A SUCCESSFUL RADIO REPAIR

FT-736R1

 

I know at some point I’ve mentioned that I own a venerable, old Yaesu FT-736R.  By serial number I’ve dated it to around 1989.  While it’s getting to be an aged model now, it still packs in a lot of great features.  It makes an ideal fixed station radio because of its large size and built-in power supply.  It just looks like a radio should–with all the buttons and knobs and analog meter.  Can you say, “No menus!”  In addition to the standard 2m/70cm all mode and full duplex satellite operation, mine also contains the optional 6m module and CW filter and tone board.  I don’t think Yaesu makes anything like this today.

I was bummed out because the VFO encoder locked up right in the middle of a VHF/UHF QSO party contest.  I don’t do much of the weak signal work but it’s nice to know that I have a radio capable of performing the task, and I was enjoying making some 2m SSB contacts. I eventually found a work-around that entailed using a software emulator that took the FT-736R CAT commands and converted them to FT-847 CAT commands.  This allows for control via HRD.  Unfortunately, the radio is so old that most radio software doesn’t support it.  The emulator works fine but is a little extreme for just casual repeater contacts and dial spinning.  This is what I do mostly on 2m.

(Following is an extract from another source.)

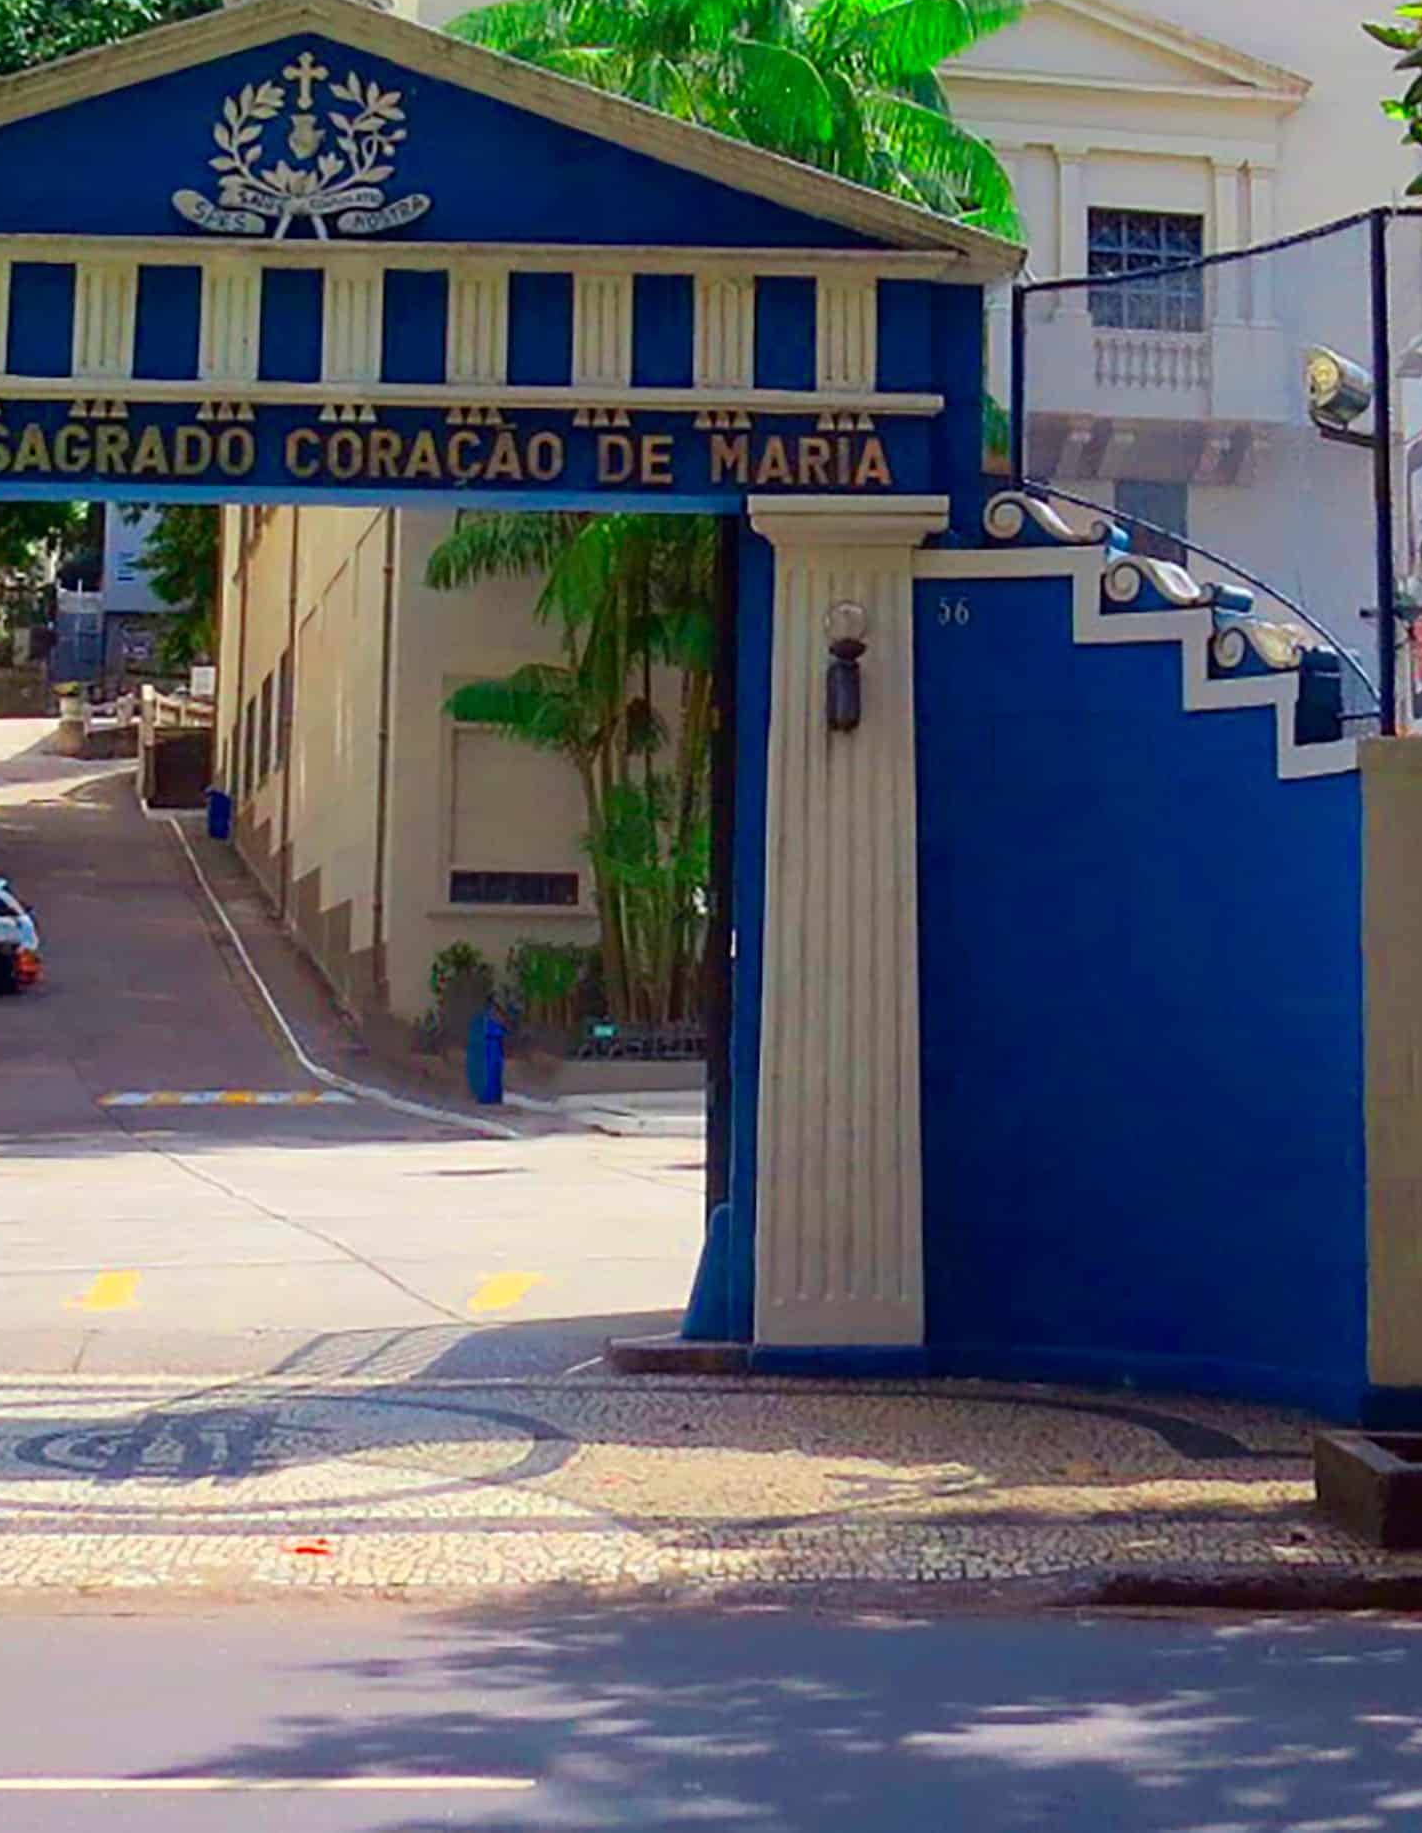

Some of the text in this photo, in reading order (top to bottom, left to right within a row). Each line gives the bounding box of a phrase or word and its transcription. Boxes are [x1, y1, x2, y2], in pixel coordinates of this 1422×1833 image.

[193, 200, 247, 231] SPES
[285, 423, 564, 489] CORAÇÃO
[597, 433, 675, 485] DE
[710, 433, 892, 487] MARIA

With the aid of some suggestions on QRZ.com I’ve managed to free up the stuck VFO.  Very carefully, I was able to dribble some WD-40 down the encoder shaft through a very tight-clearance opening that leads to the innards.  It seems a little extreme to go after an encoder with the WD-40 but as it was inoperable I didn’t figure there was much to lose.  It seems that this is a common problem with other Yausu’s of this era, too.  I guess they even still stock the part.  Nice to know this…but I was able to get mine freed up.  After two day of soaking I grabbed the shaft with a pair of pliars with padded jaws.  It started to move a little.  I just started working it back and forth a little at a time and then soak it with some more lube.  I’m pleased to report that it now turns better than it ever did!  As much as I like this old radio I think it’s time to sell.  It’ll go on the block at Dayton this year.  Hopefully there’s a weak signal enthusiast out there that’s in the market for an old-school radio with no menus and limited CAT capability.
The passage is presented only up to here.